# What's the concept of potentiometer?

So here's a picture of a potentiometer from my book. And my book says that the potentiometer is used for measuring internal resistance (of a cell), emf (of a cell) etc. But I cannot understand the concept behind this as how to find the emf of a cell? Also how to find the internal resistance of the cell? Could someone please explain this concept?

• Is the book written in English? I'm wondering if it's a mistranslation because I've never heard of potentiometer being used to refer to anything other than a variable resistor (which the above isn't). Edit - see that it can have a different meaning en.wikipedia.org/wiki/Potentiometer_%28measuring_instrument%29 Commented Jan 19, 2014 at 6:23
• Yes, it is a kind of variable resistor because the wire between A and B is not just a wire, actually it is a resistor whose resistance can be adjusted by adjusting the length(because length is directly proportional to the resistance) AJ and JB using the jockey which acts as the VIPER of potentiometer. It means that you can also use a variable resistor(the three legged one) which we also say as a potentiometer. Now can anyone explain the concept of potentiometer?? Commented Jan 19, 2014 at 6:34
• Maybe your book means its a resistance which can be introduced in parallel, so that by measuring voltage across it we can measure the voltage of the cell. Commented Jan 19, 2014 at 6:43
• @TheDreamCoder17 Is there an explanation of what K1 and K2 are? Also is there an explanation for R2? Are the show components meant to be ideal or not? If they are, I can't really see what R2 would be doing. R1 could be useful, since it would prevent the potentiometer from burning out in extreme settings. Commented Jan 19, 2014 at 9:15
• Anyway, we could measure the EMF of the bottom cell in in following way: First, connect a voltage which we expect to be higher than the cell voltage in place of the top cell. If the bottom cell is disconnected, the resistance which the top cell sees is equal to R1+Rpot. Note that Rpot is constant. Then we connect the bottom cell and slide J until G shows zero current. At that point, I think we can use the voltage divider rule to calculate the voltage of the bottom cell: Vcell=(Raj)/(R1+Rbj+Raj)*Vtopcell Commented Jan 19, 2014 at 9:20

Yes, indeed while "potentiometer" nowadays means "variable resistor" - a fresh glance at the word itself will show that it really means "potential measuring device".

And that was its original purpose.

I have seen and used a real Potentiometer exactly once, at a six hundred year old university, as an exercise. (The lab equipment was much newer, and quite splendid!)

EDIT : the form of potentiometer described here is also known as a "metre bridge".

It is a length of resistance wire, stretched out along a board (mahogany, of course) over a metre ruler, with a very solid brass (what else!) bar alongside it, and a sliding right-angle knife-edge contact between the bar and the resistance wire.
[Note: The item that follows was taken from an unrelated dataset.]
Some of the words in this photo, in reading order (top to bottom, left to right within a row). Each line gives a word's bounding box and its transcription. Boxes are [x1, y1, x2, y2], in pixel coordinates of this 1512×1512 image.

It is connected as your illustration shows, to the top cell, an unknown but steady voltage source (usually a 2V lead acid cell) with an unknown series resistance. The precise values of V,R don't matter.

The metre rule can be engraved on the brass bar, and with a Vernier scale on the sliding contact, the instrument can give four digit accuracy, better than many a digital multimeter today.
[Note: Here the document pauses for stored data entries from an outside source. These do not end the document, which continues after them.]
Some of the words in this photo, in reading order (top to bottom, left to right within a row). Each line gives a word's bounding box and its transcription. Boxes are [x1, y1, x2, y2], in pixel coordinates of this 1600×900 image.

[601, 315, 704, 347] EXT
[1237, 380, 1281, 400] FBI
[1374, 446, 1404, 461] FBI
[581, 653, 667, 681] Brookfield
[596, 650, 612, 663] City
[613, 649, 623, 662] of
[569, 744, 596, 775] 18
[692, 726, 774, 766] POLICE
I believe K1 and K2 are brass tapered pegs which fit into tapered gaps in the brass bar, i.e. switches.

Now carefully connect up your unknown cell via G, which is preferably one of Lord Kelvin's fine mirror galvanometers, moving a focussed spot of light to amplify the smallest motion, and adjust the knife edge contact for zero current. At this point you have a length (measured from the ruler) representing the potential of the unknown cell.

Because you don't know the driving voltage, you also need to make the same measurement with a "standard cell" usually a Weston cell to get the length representing 1.01864 volts; the ratio between them gives you your actual cell voltage.

CAUTION : if you are careless in this step and draw significant current, you will wreck your valuable standard cell.

Now you can return to the unknown cell. Re-establish its open-circuit voltage (length) - any change shows that the driving cell needs to be recharged.

Then insert peg K2, connecting known resistance R2, and establish the new voltage (length) when driving current through R2.

The rest is mere arithmetic...